Who Speaks for Islam is a Gallup Press publication, which means that it had to meet Gallup's standards of objectivity and scientific rigor.  Gallup is a for-profit company which relies on its brand image of non-partisanship and integrity to stay in business.  It would be hard to find a reason for Gallup to deliberately put its business model at risk by reporting inaccurate or "whitewashed" analysis.  The book did not "set out to prove that the vast majority of the world's Muslims are moderate by nature."  The book set out to showcase data in a readable way, regardless of what that data proved or disproved.

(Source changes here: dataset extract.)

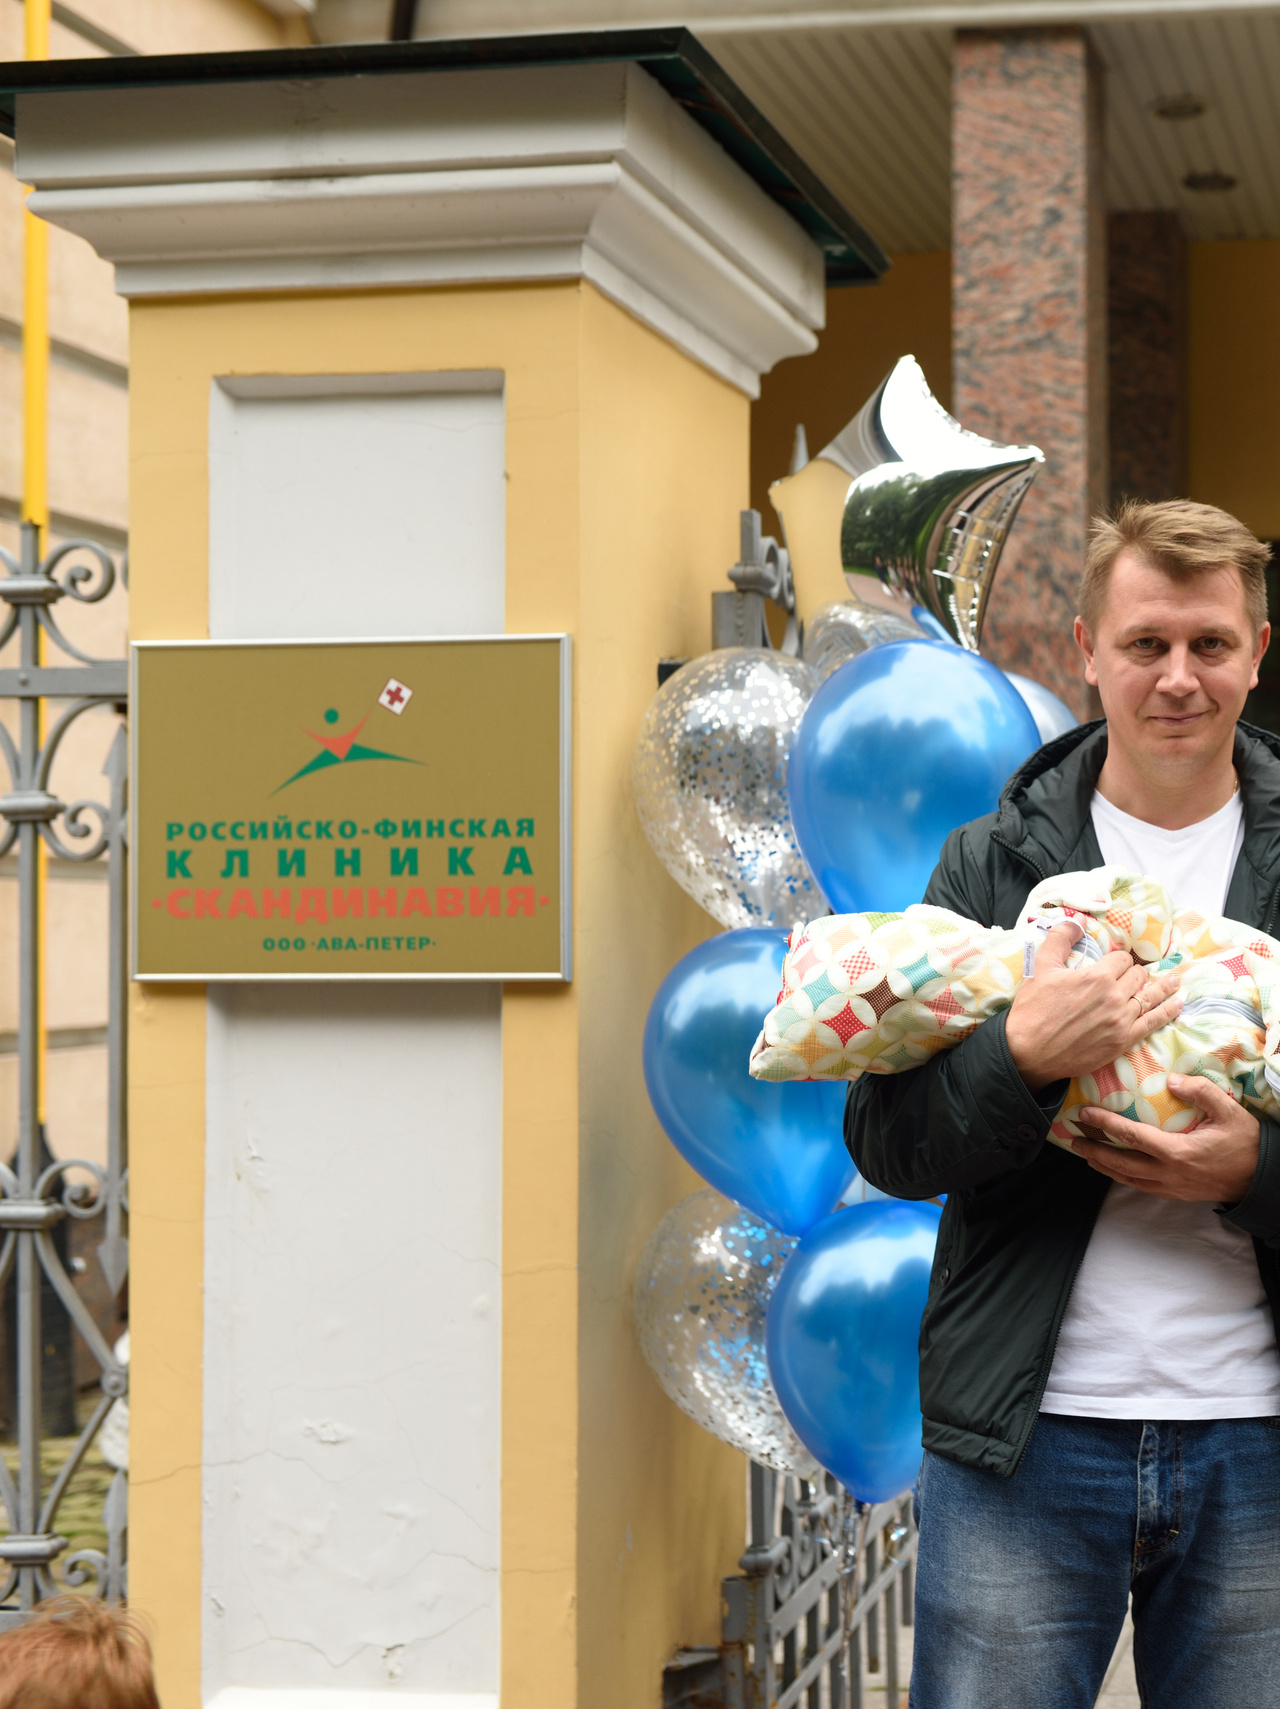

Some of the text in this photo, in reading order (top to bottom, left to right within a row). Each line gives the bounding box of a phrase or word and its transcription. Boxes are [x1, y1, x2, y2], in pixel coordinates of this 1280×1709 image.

[166, 815, 535, 841] РОССИЙСКО-ФИНСКАЯ
[166, 846, 534, 879] КЛИНИКА
[262, 937, 306, 951] ООО

On the second issue:  Muslims around the world are not waiting for Obama or anyone else to pretend to respect aspects of their societies that they themselves abhor.  But like all people, Muslim men and women want to be engaged as equal human beings.  The Cairo speech clearly outlines the issues in Muslim societies that Muslims themselves say need to be fixed, from a deficit in education and innovation to a lack of gendar justice.  The issue is that Islam should not be scapegoated for these issues.  When Martin Luther King demanded that Africa Americans be respected as equals, he was referring to a recognition of a common humanity, not a dismissal of any problems the community is facing.  President Obama frequently addresses the problem of fatherless families that plagues the black community disproportionately.  Yet, clearly, he still regards the African American community as equally deserving of respect. It is possible, indeed crucial, to show respect for a community while honestly raising the challenges that community faces.  It was in fact this candor that many said they admired about the Cairo address.